* THE TASK: Omit all pictures, then repeat the listing exactly.

* DATA SUPPLIED:
......

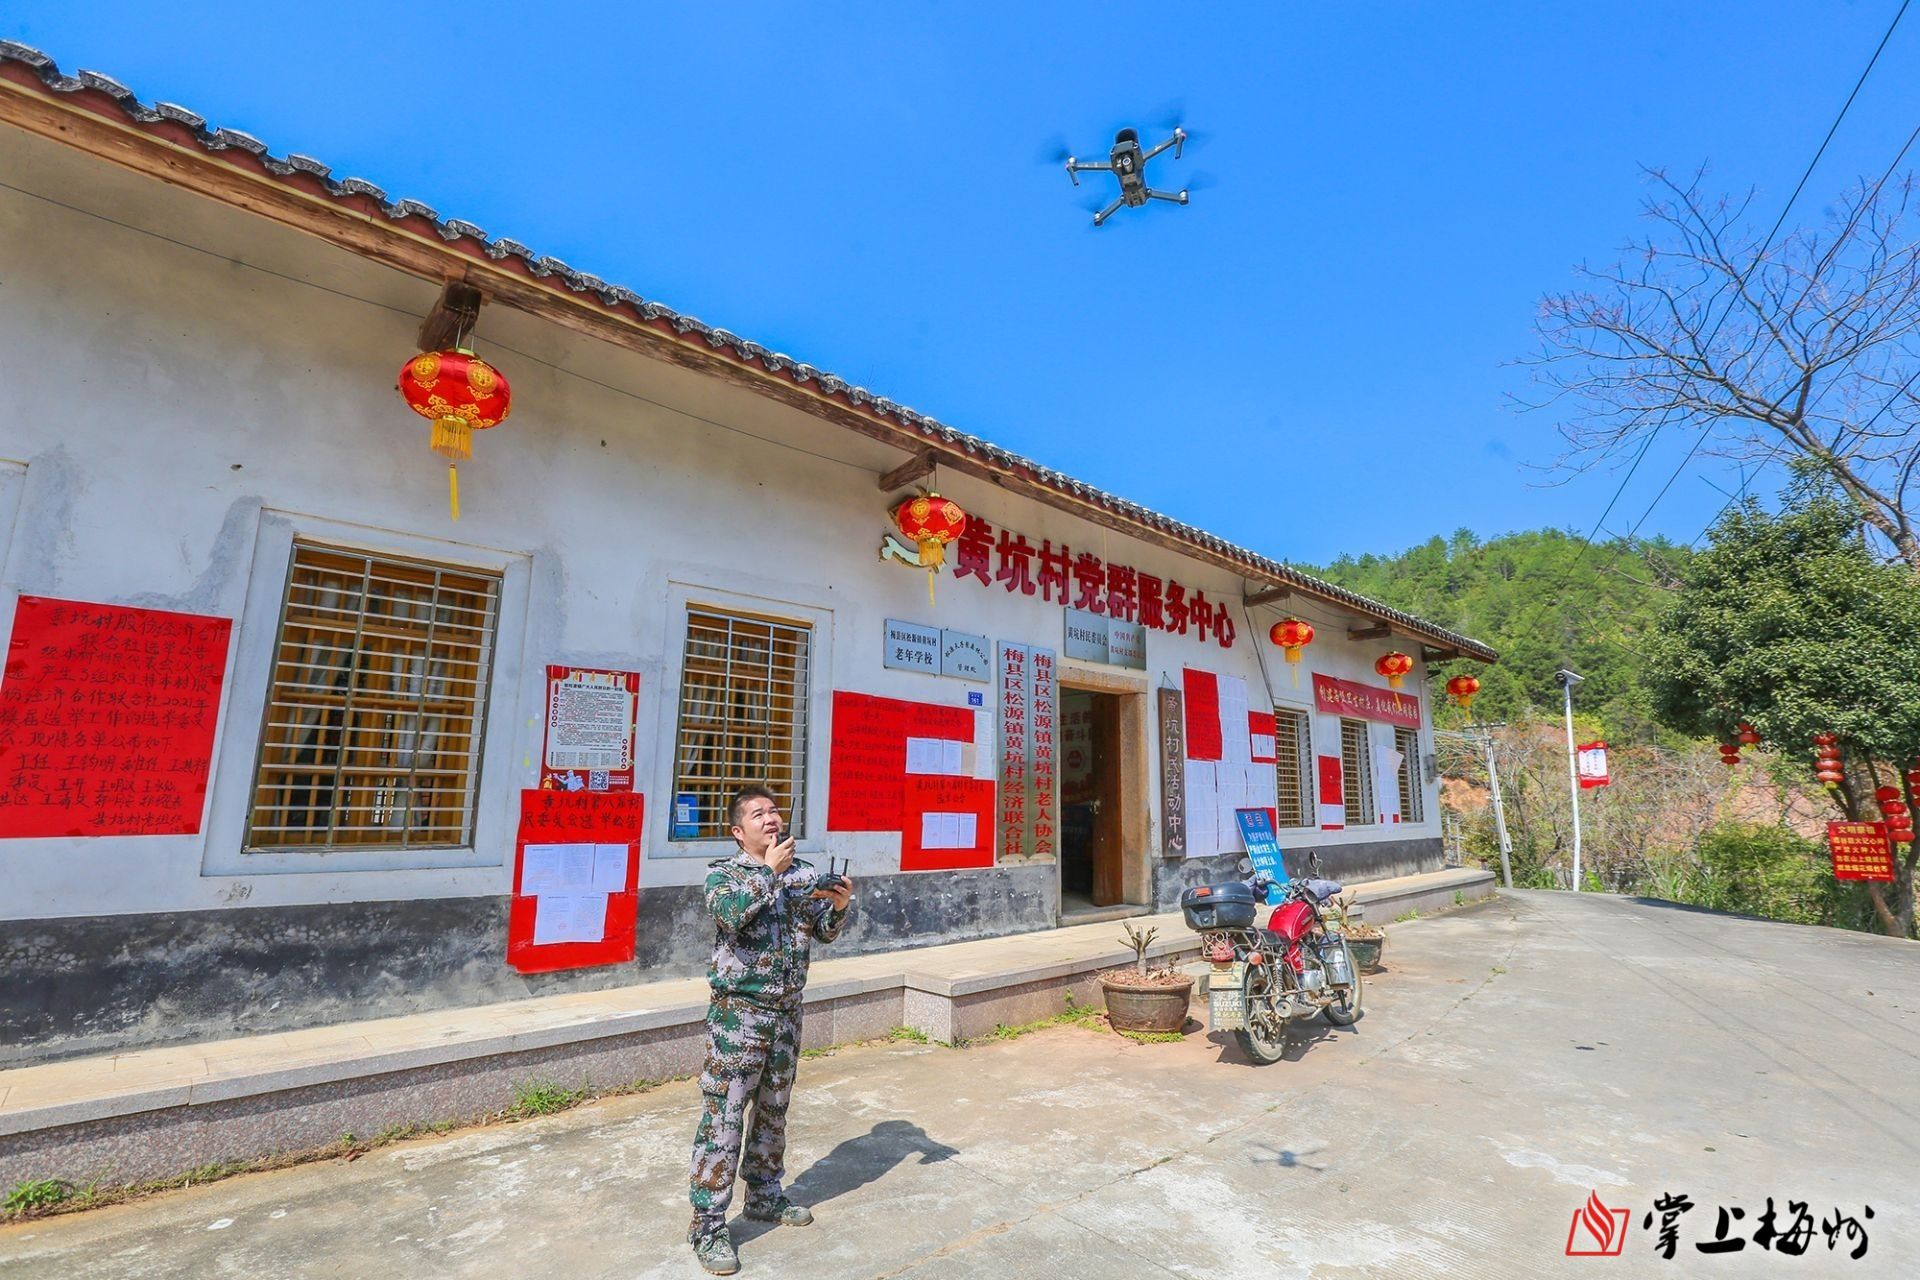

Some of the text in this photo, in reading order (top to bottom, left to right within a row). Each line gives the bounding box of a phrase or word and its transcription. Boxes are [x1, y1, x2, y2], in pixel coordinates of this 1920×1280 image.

[890, 630, 937, 647] 梅县区松源镇黄坑村
[952, 515, 1237, 648] 黄坑村党群服务中心
[1068, 626, 1108, 647] 黄坑村民委员会
[896, 647, 933, 665] 老年学校
[1002, 647, 1025, 856] 梅县区松源镇黄坑村经济联合社
[1033, 653, 1053, 855] 梅县区松源镇黄坑村老人协会
[1165, 696, 1184, 850] 黄坑村民活动中心

......

* OUTPUT FOR THIS TASK:
Some of the text in this photo, in reading order (top to bottom, left to right within a row). Each line gives the bounding box of a phrase or word and its transcription. Boxes are [x1, y1, x2, y2], in pixel coordinates of this 1920×1280 image.

[890, 630, 937, 647] 梅县区松源镇黄坑村
[952, 515, 1237, 648] 黄坑村党群服务中心
[1068, 626, 1108, 647] 黄坑村民委员会
[896, 647, 933, 665] 老年学校
[1002, 647, 1025, 856] 梅县区松源镇黄坑村经济联合社
[1033, 653, 1053, 855] 梅县区松源镇黄坑村老人协会
[1165, 696, 1184, 850] 黄坑村民活动中心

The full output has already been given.